#### ASSIGNED TASK:
Every record that follows must be given again exactly.
══ EXERCISE MATERIAL ══
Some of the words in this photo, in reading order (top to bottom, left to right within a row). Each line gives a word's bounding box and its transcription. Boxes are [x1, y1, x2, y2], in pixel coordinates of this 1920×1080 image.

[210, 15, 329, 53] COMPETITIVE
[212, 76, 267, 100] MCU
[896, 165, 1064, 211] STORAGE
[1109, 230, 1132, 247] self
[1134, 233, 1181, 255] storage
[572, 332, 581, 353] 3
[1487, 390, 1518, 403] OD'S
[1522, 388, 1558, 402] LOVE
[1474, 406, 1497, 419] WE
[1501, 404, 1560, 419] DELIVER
═══
#### TASK SOLUTION:
Some of the words in this photo, in reading order (top to bottom, left to right within a row). Each line gives a word's bounding box and its transcription. Boxes are [x1, y1, x2, y2], in pixel coordinates of this 1920×1080 image.

[210, 15, 329, 53] COMPETITIVE
[212, 76, 267, 100] MCU
[896, 165, 1064, 211] STORAGE
[1109, 230, 1132, 247] self
[1134, 233, 1181, 255] storage
[572, 332, 581, 353] 3
[1487, 390, 1518, 403] OD'S
[1522, 388, 1558, 402] LOVE
[1474, 406, 1497, 419] WE
[1501, 404, 1560, 419] DELIVER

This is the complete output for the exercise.